Letter to the Editor: Abortion Referral Mandate

Letter to the Editor: Abortion Referral Mandate

February 18, 2026
Article
February 18, 2026

Letter to the Editor: Abortion Referral Mandate

Tom Olp writes on Illinois' abortion referral mandate, to the Editor of the Chicago Tribune.

The following was published as a Letter to the Editor in the Chicago Tribune on February 18, 2026. It is reproduced below.

Abortion referral mandate

Illinois has until Friday to answer for a law that violates the conscience rights of physicians and pregnancy centers across the state or risk losing federal health care funding. That is not a hypothetical. It is an ultimatum from the U.S. Department of Health and Human Services, and the clock is running out.

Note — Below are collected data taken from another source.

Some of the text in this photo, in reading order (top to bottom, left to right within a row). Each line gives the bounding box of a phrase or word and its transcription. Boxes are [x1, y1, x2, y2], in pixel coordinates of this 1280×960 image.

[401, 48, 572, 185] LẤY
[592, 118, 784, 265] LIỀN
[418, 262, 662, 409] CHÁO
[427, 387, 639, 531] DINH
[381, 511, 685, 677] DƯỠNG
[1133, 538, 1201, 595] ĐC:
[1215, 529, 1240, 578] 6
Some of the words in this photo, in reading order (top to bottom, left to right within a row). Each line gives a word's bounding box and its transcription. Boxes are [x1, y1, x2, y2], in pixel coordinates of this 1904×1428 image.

HHS’ Office for Civil Rights issued a finding that Illinois’ abortion referral mandate — which forces physicians who object to abortion and pregnancy centers to provide women with information on abortion providers, even when doing so violates their deeply held religious beliefs — conflicts with federal law.

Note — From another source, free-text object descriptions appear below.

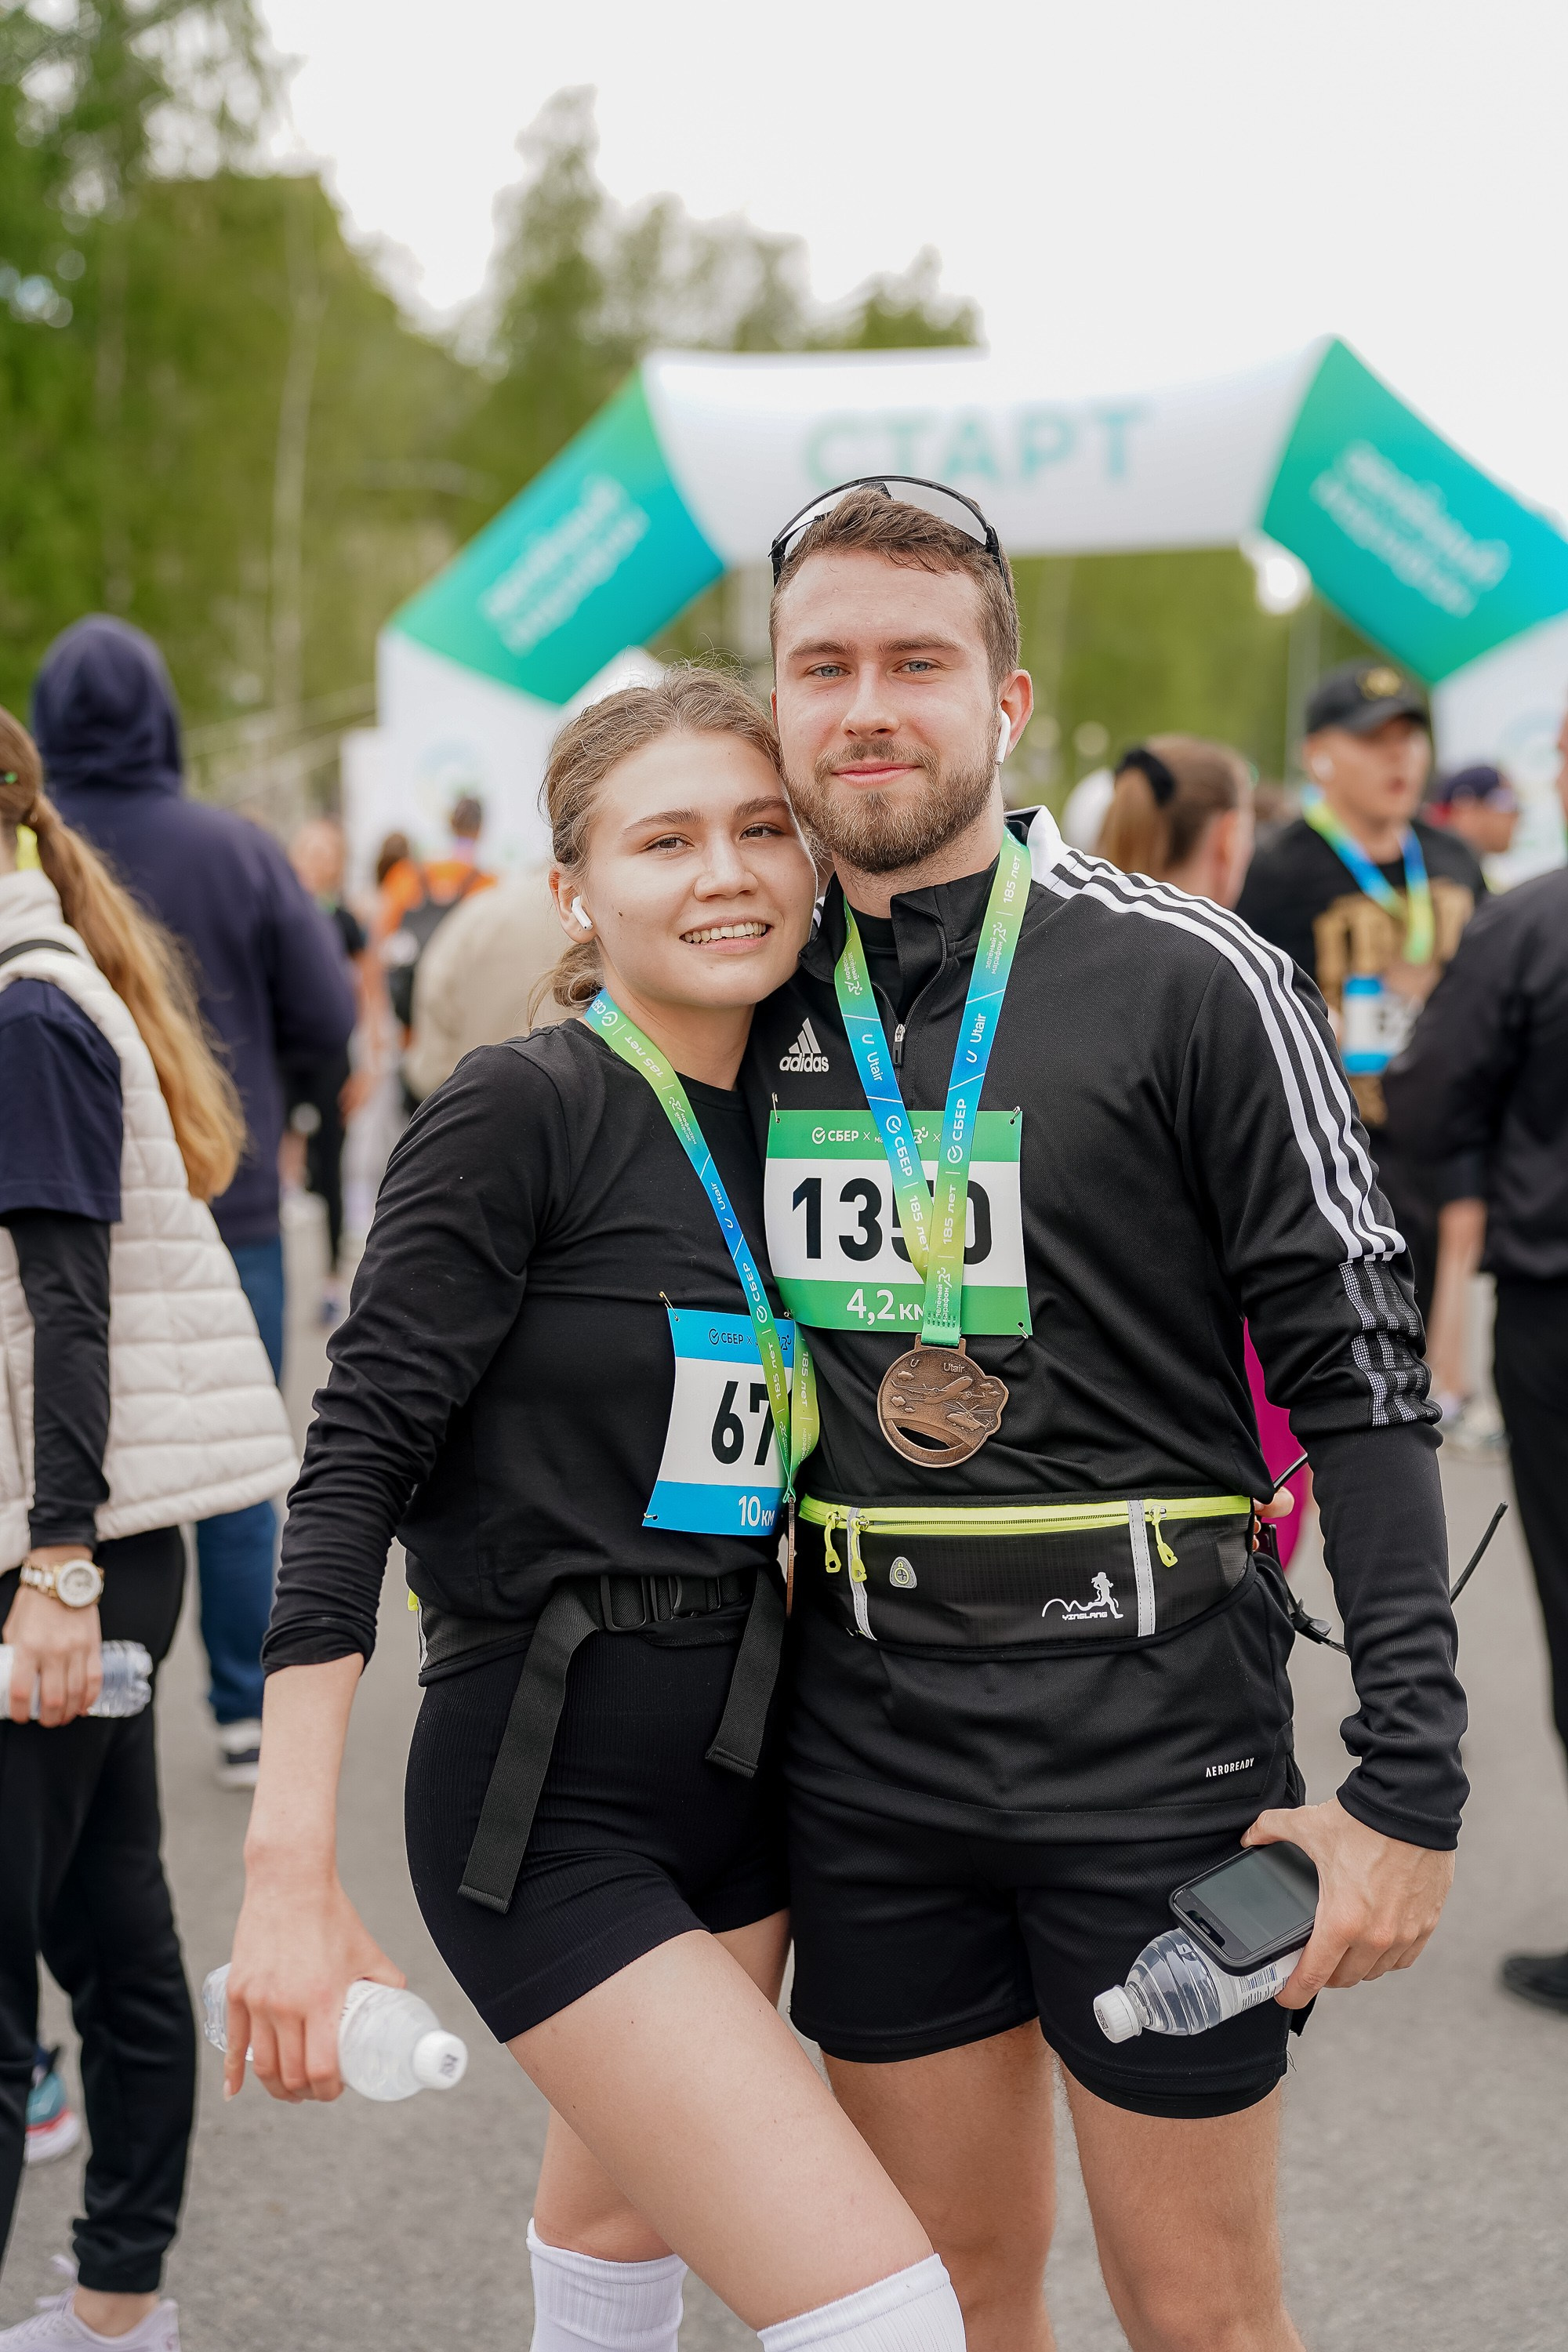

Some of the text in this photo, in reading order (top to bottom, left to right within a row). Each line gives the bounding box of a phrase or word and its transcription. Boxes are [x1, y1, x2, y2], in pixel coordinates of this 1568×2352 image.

[804, 398, 1149, 489] СТАРТ
[1004, 855, 1021, 903] 185 лет
[985, 937, 997, 969] зелёный
[992, 941, 1004, 975] марафон
[970, 1013, 986, 1043] Utair
[624, 1036, 664, 1078] 185 лет
[779, 1053, 829, 1073] adidas
[866, 1051, 883, 1081] Utair
[681, 1112, 697, 1145] марафон
[828, 1130, 859, 1142] СБЕР
[895, 1136, 913, 1177] СБЕР
[909, 1195, 924, 1222] 185
[943, 1098, 967, 1245] СБЕР 185 лет
[710, 1181, 726, 1210] Utair
[720, 1332, 744, 1345] СБЕР
[742, 1262, 782, 1400] СБЕР 185 лет
[943, 1363, 966, 1374] Utair
[1206, 1758, 1254, 1778] AEROREADY

Specifically, HHS concluded that it violates the Weldon and Coats-Snowe Amendments, which for many years have prohibited states that receive federal funds from coercing health care professionals and organizations to facilitate or refer for abortion. Thomas More Society filed the complaint on behalf of pregnancy centers and physicians who cannot in good conscience comply.

Consider what this mandate demands in practice. Pasha Bohlen, a nurse who has spent over 17 years counseling women at Pregnancy Aid South Suburbs, has witnessed firsthand the moments that change lives: a mother seeing her child’s heartbeat for the first time or a young woman choosing life after learning what resources are available to her.

Under Illinois’ referral mandate, Bohlen could be forced to hand the very women she serves a referral to an abortion provider. But for Bohlen and hundreds of professionals like her, referral is not a neutral act; it is direct participation in what they believe to be a grave moral wrong.

This is not the only time Illinois has tried to conscript professionals who object to abortion into the service of its own abortion agenda. Last April, a federal court struck down the state’s effort to force pregnancy centers like Bohlen’s to recite the so-called benefits of abortion to their patients.

Yet even as a judge blocked this compelled-speech scheme, the abortion referral mandate was left intact, creating an unresolved constitutional conflict. We are now challenging it on appeal before the Seventh Circuit.

While Illinois’ elected officials are entitled to their own views on abortion, they are not entitled to trample the conscience rights of religious and anti-abortion Illinoisans.

Illinois has an opportunity to correct course by responding before Friday and agreeing to respect the conscience rights of health care professionals and life-affirming pregnancy centers.